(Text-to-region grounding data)
-=-=-
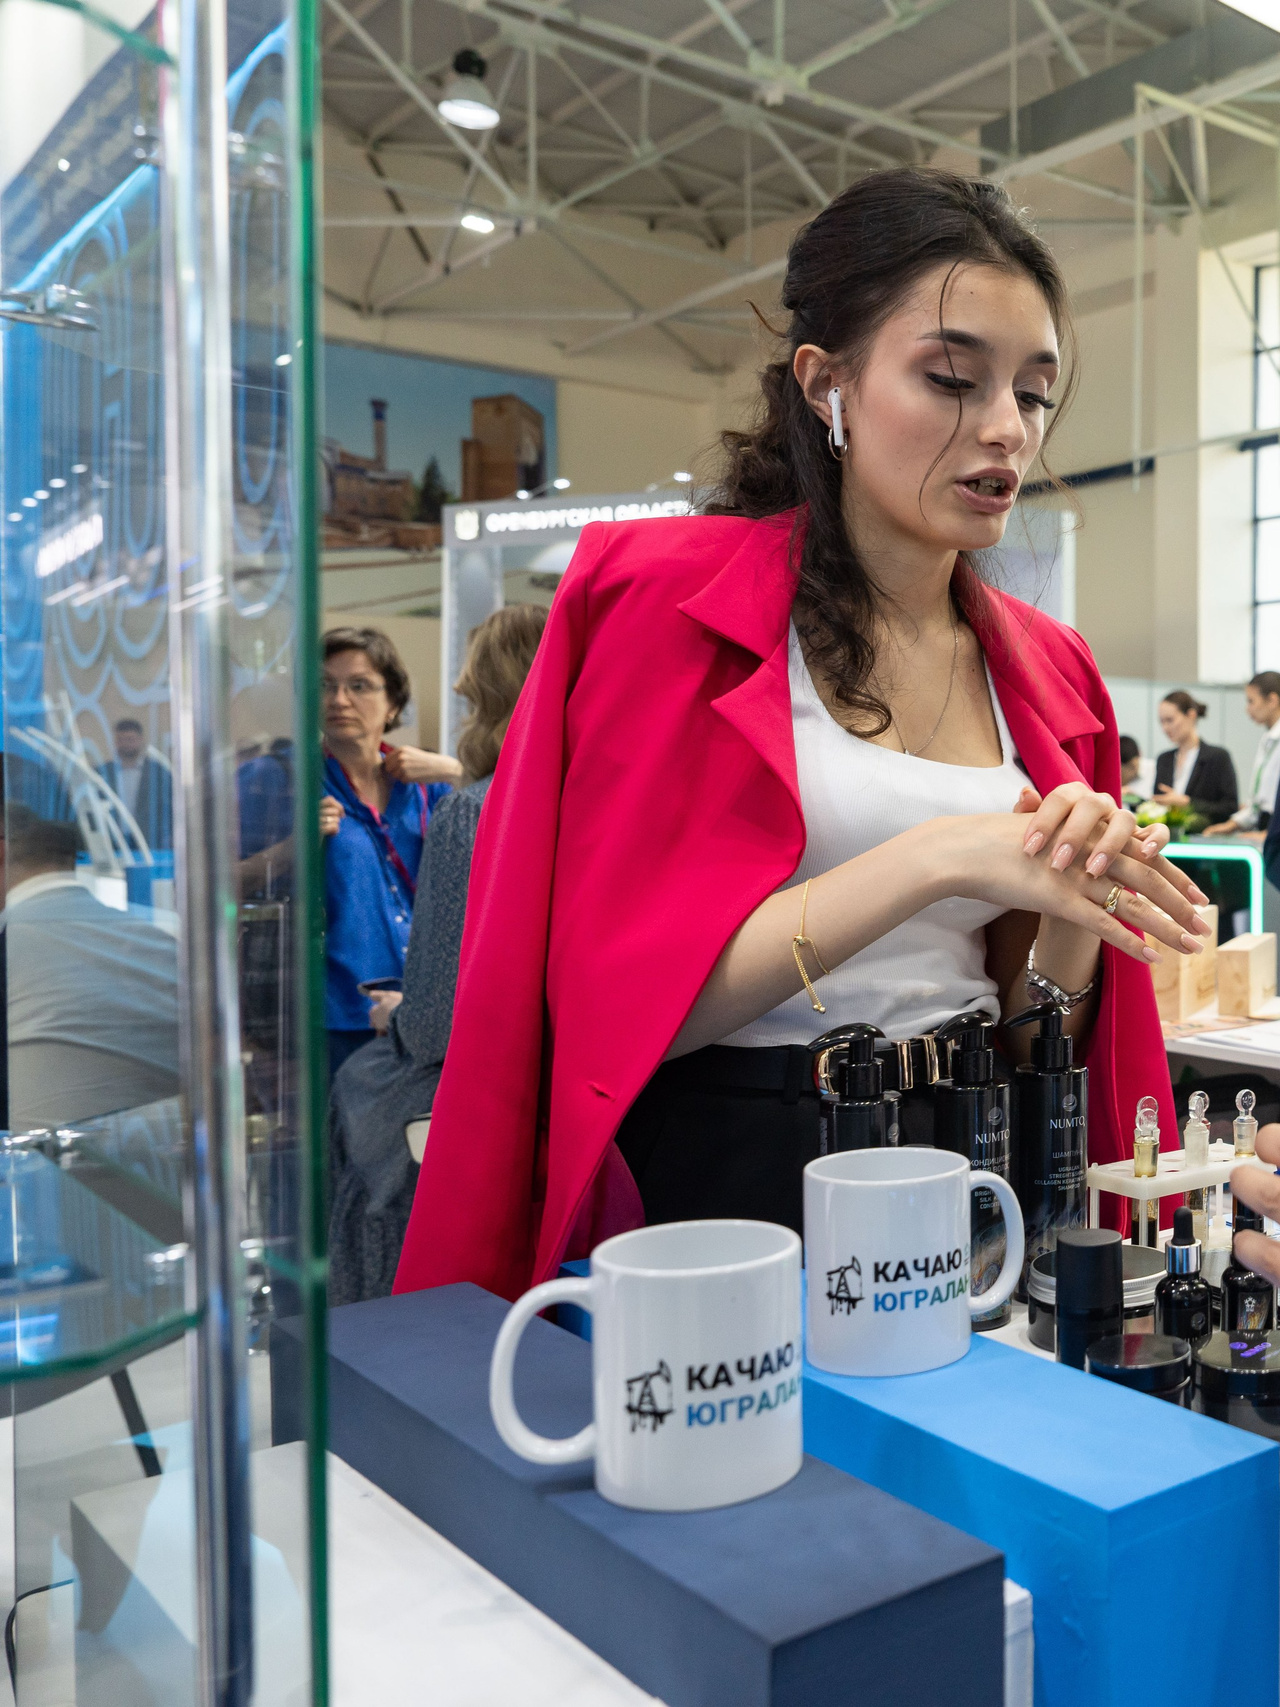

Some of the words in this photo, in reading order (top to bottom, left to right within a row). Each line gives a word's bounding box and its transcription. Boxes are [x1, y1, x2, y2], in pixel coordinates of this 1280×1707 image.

[975, 1128, 1010, 1145] NUMTO
[873, 1248, 962, 1284] КАЧАЮ
[687, 1341, 795, 1391] КАЧАЮ
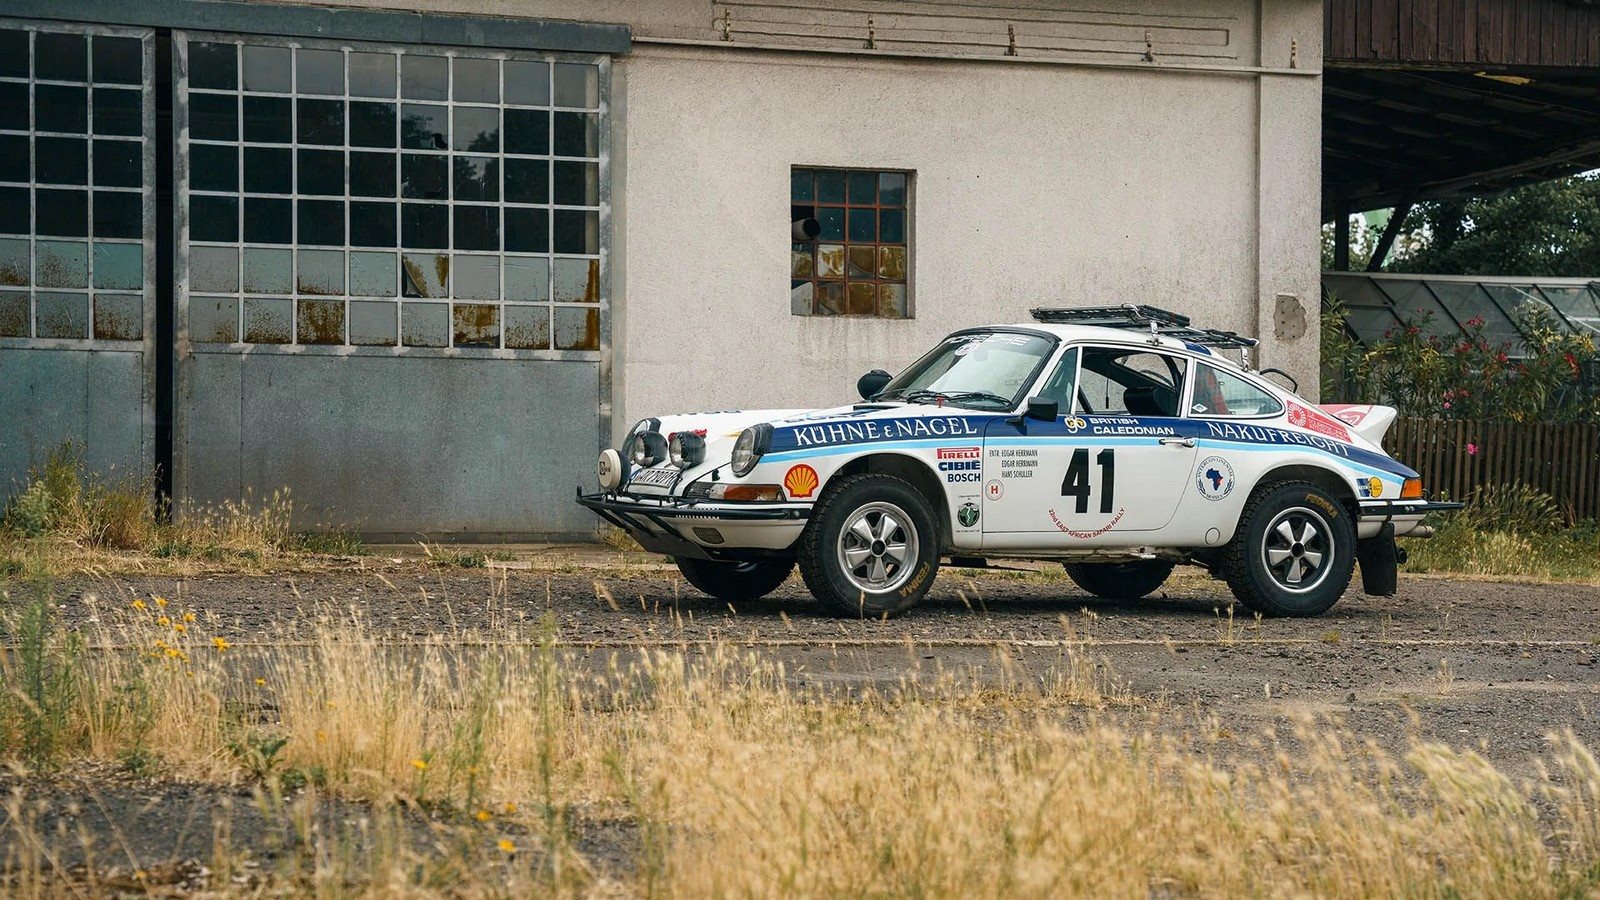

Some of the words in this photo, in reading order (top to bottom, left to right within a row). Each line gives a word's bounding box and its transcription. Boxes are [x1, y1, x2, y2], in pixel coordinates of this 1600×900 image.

[1088, 417, 1139, 425] BRITISH
[793, 420, 880, 446] KÜHNE
[894, 417, 977, 437] NAGEL
[1094, 426, 1174, 435] CALEDONIAN
[1206, 421, 1351, 457] NAKUFREIGHT
[937, 447, 980, 459] PIRELLI
[1001, 449, 1015, 457] EDGAR
[1001, 460, 1015, 468] EDGAR
[947, 473, 981, 483] BOSCH
[1001, 470, 1012, 478] HANS
[1061, 448, 1115, 513] 41
[991, 485, 999, 494] H
[1048, 508, 1058, 523] 22nd
[1056, 520, 1070, 533] EAST
[1068, 530, 1092, 539] AFRICAN
[1092, 523, 1112, 538] SAFARI
[1111, 507, 1125, 526] RALLY
-=-=-
--- DESCRIPTION OF THE TASK ---
Please output all of the entries exactly as they appear, with no pictures.

--- COMPLETED EXERCISE ---
Some of the words in this photo, in reading order (top to bottom, left to right within a row). Each line gives a word's bounding box and its transcription. Boxes are [x1, y1, x2, y2], in pixel coordinates of this 1280×1707 image.

[975, 1128, 1010, 1145] NUMTO
[873, 1248, 962, 1284] КАЧАЮ
[687, 1341, 795, 1391] КАЧАЮ

Some of the words in this photo, in reading order (top to bottom, left to right within a row). Each line gives a word's bounding box and its transcription. Boxes are [x1, y1, x2, y2], in pixel coordinates of this 1600×900 image.

[1088, 417, 1139, 425] BRITISH
[793, 420, 880, 446] KÜHNE
[894, 417, 977, 437] NAGEL
[1094, 426, 1174, 435] CALEDONIAN
[1206, 421, 1351, 457] NAKUFREIGHT
[937, 447, 980, 459] PIRELLI
[1001, 449, 1015, 457] EDGAR
[1001, 460, 1015, 468] EDGAR
[947, 473, 981, 483] BOSCH
[1001, 470, 1012, 478] HANS
[1061, 448, 1115, 513] 41
[991, 485, 999, 494] H
[1048, 508, 1058, 523] 22nd
[1056, 520, 1070, 533] EAST
[1068, 530, 1092, 539] AFRICAN
[1092, 523, 1112, 538] SAFARI
[1111, 507, 1125, 526] RALLY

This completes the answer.